== INSTRUCTIONS FOR THE TASK ==
The records are to be repeated exactly, and any images in them are to be dropped.

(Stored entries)
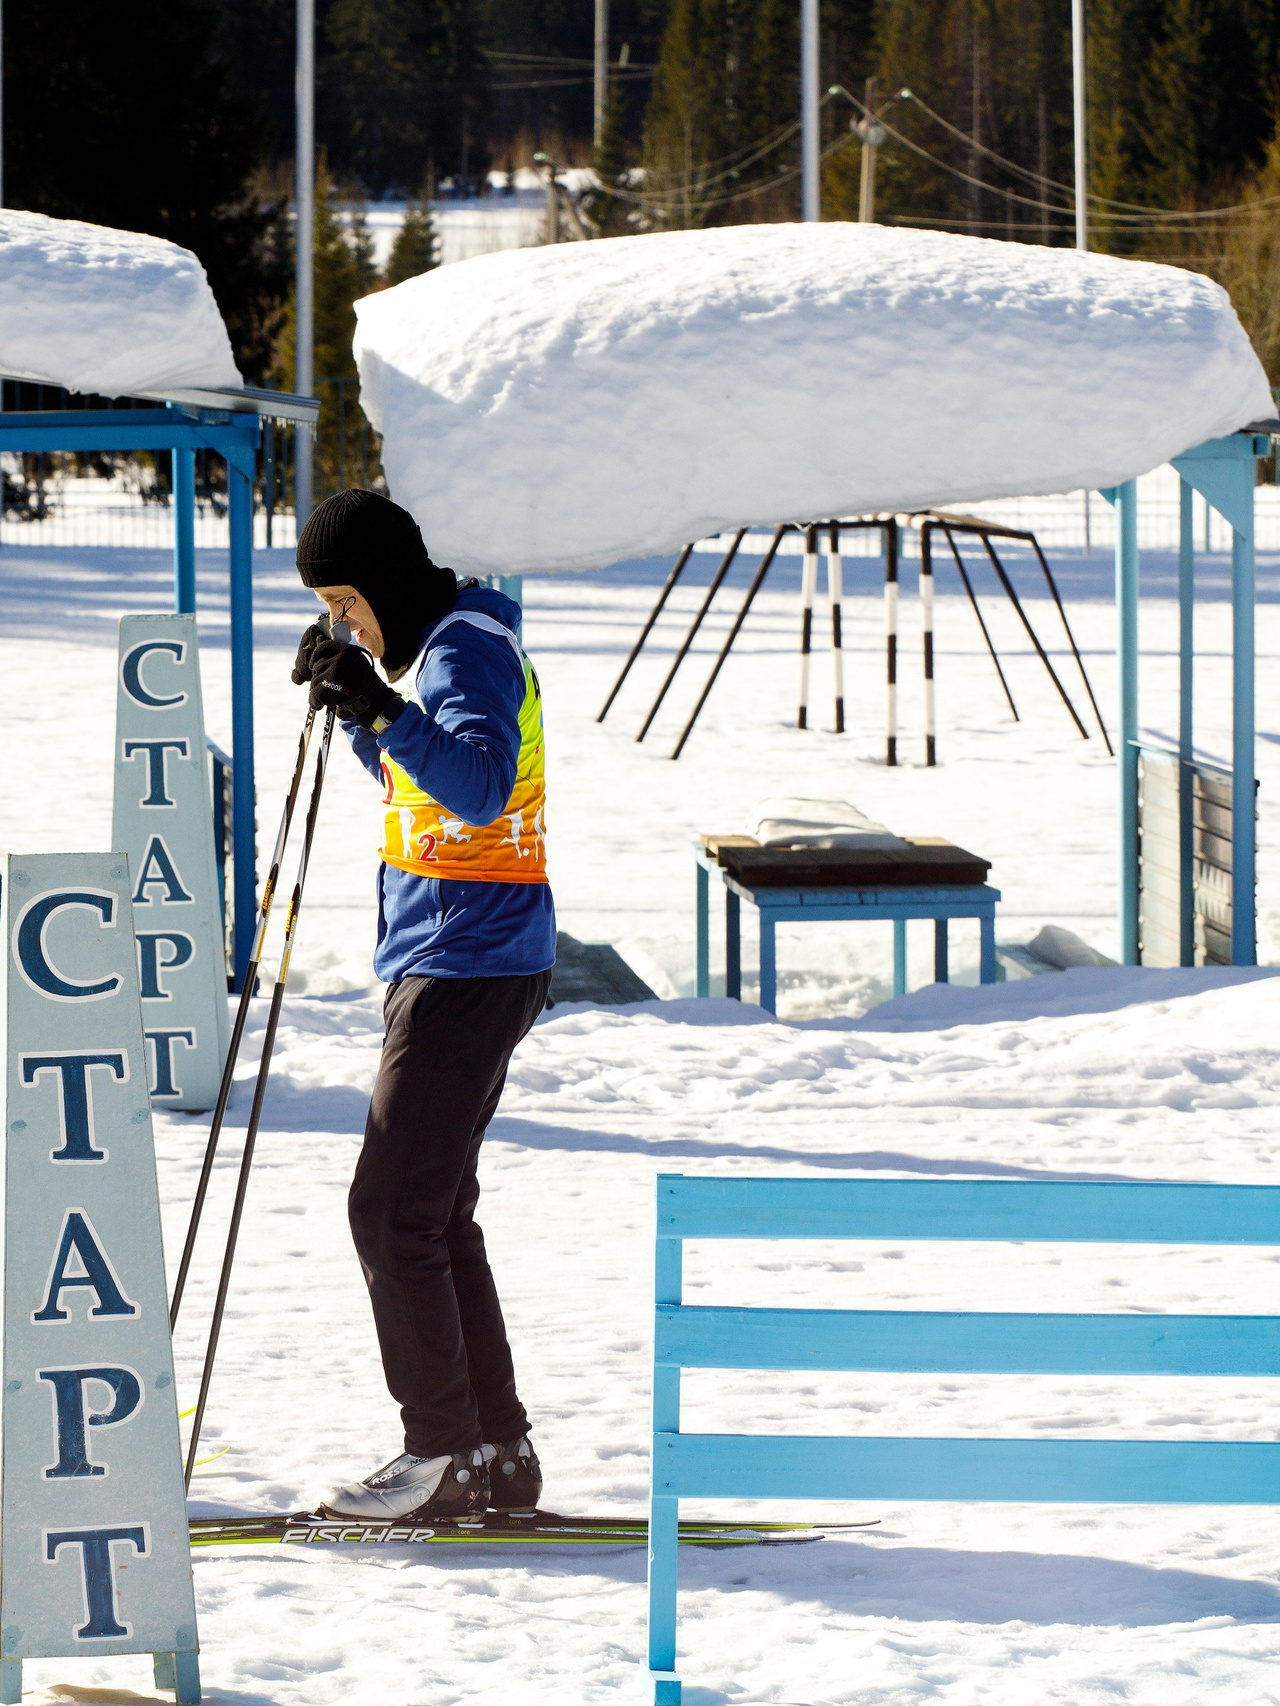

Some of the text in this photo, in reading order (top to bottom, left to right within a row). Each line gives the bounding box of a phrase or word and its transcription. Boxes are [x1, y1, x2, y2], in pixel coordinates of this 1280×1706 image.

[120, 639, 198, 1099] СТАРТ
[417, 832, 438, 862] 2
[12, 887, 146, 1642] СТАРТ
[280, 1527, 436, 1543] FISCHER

== WRITTEN SOLUTION ==
Some of the text in this photo, in reading order (top to bottom, left to right within a row). Each line gives the bounding box of a phrase or word and its transcription. Boxes are [x1, y1, x2, y2], in pixel coordinates of this 1280×1706 image.

[120, 639, 198, 1099] СТАРТ
[417, 832, 438, 862] 2
[12, 887, 146, 1642] СТАРТ
[280, 1527, 436, 1543] FISCHER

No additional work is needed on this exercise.